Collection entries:
* * * * * * *

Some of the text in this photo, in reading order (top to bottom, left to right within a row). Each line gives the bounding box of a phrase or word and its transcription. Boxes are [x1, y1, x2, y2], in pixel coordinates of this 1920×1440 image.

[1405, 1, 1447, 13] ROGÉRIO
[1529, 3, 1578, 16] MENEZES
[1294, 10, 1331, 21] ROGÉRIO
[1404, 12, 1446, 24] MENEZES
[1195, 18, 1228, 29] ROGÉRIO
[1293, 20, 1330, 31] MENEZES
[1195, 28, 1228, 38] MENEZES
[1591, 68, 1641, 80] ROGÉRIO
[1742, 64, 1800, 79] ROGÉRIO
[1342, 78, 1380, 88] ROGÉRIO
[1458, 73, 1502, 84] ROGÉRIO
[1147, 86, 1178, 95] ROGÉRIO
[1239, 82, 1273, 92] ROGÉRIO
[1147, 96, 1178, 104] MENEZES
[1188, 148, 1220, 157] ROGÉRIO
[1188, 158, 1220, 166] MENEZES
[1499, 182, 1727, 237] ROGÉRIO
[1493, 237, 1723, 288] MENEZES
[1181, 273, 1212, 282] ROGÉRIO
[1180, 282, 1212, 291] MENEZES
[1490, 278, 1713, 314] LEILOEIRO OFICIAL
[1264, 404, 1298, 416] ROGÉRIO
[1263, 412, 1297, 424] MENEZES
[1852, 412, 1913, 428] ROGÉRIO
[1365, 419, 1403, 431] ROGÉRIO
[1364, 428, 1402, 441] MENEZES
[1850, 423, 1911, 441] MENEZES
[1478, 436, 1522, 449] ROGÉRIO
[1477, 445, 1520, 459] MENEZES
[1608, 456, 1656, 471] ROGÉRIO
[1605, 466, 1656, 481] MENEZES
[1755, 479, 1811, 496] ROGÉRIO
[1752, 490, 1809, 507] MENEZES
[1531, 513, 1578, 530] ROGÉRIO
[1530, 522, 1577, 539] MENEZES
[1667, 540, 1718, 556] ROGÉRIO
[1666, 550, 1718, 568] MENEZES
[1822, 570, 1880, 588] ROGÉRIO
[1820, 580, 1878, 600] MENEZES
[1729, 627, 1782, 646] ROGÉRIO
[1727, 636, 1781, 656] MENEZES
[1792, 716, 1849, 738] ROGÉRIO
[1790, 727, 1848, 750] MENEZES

* * * * * * *

*Problem*
Reproduce the entries above in full, so that each one reads exactly as before.

*Response area*
Some of the text in this photo, in reading order (top to bottom, left to right within a row). Each line gives the bounding box of a phrase or word and its transcription. Boxes are [x1, y1, x2, y2], in pixel coordinates of this 1920×1440 image.

[1405, 1, 1447, 13] ROGÉRIO
[1529, 3, 1578, 16] MENEZES
[1294, 10, 1331, 21] ROGÉRIO
[1404, 12, 1446, 24] MENEZES
[1195, 18, 1228, 29] ROGÉRIO
[1293, 20, 1330, 31] MENEZES
[1195, 28, 1228, 38] MENEZES
[1591, 68, 1641, 80] ROGÉRIO
[1742, 64, 1800, 79] ROGÉRIO
[1342, 78, 1380, 88] ROGÉRIO
[1458, 73, 1502, 84] ROGÉRIO
[1147, 86, 1178, 95] ROGÉRIO
[1239, 82, 1273, 92] ROGÉRIO
[1147, 96, 1178, 104] MENEZES
[1188, 148, 1220, 157] ROGÉRIO
[1188, 158, 1220, 166] MENEZES
[1499, 182, 1727, 237] ROGÉRIO
[1493, 237, 1723, 288] MENEZES
[1181, 273, 1212, 282] ROGÉRIO
[1180, 282, 1212, 291] MENEZES
[1490, 278, 1713, 314] LEILOEIRO OFICIAL
[1264, 404, 1298, 416] ROGÉRIO
[1263, 412, 1297, 424] MENEZES
[1852, 412, 1913, 428] ROGÉRIO
[1365, 419, 1403, 431] ROGÉRIO
[1364, 428, 1402, 441] MENEZES
[1850, 423, 1911, 441] MENEZES
[1478, 436, 1522, 449] ROGÉRIO
[1477, 445, 1520, 459] MENEZES
[1608, 456, 1656, 471] ROGÉRIO
[1605, 466, 1656, 481] MENEZES
[1755, 479, 1811, 496] ROGÉRIO
[1752, 490, 1809, 507] MENEZES
[1531, 513, 1578, 530] ROGÉRIO
[1530, 522, 1577, 539] MENEZES
[1667, 540, 1718, 556] ROGÉRIO
[1666, 550, 1718, 568] MENEZES
[1822, 570, 1880, 588] ROGÉRIO
[1820, 580, 1878, 600] MENEZES
[1729, 627, 1782, 646] ROGÉRIO
[1727, 636, 1781, 656] MENEZES
[1792, 716, 1849, 738] ROGÉRIO
[1790, 727, 1848, 750] MENEZES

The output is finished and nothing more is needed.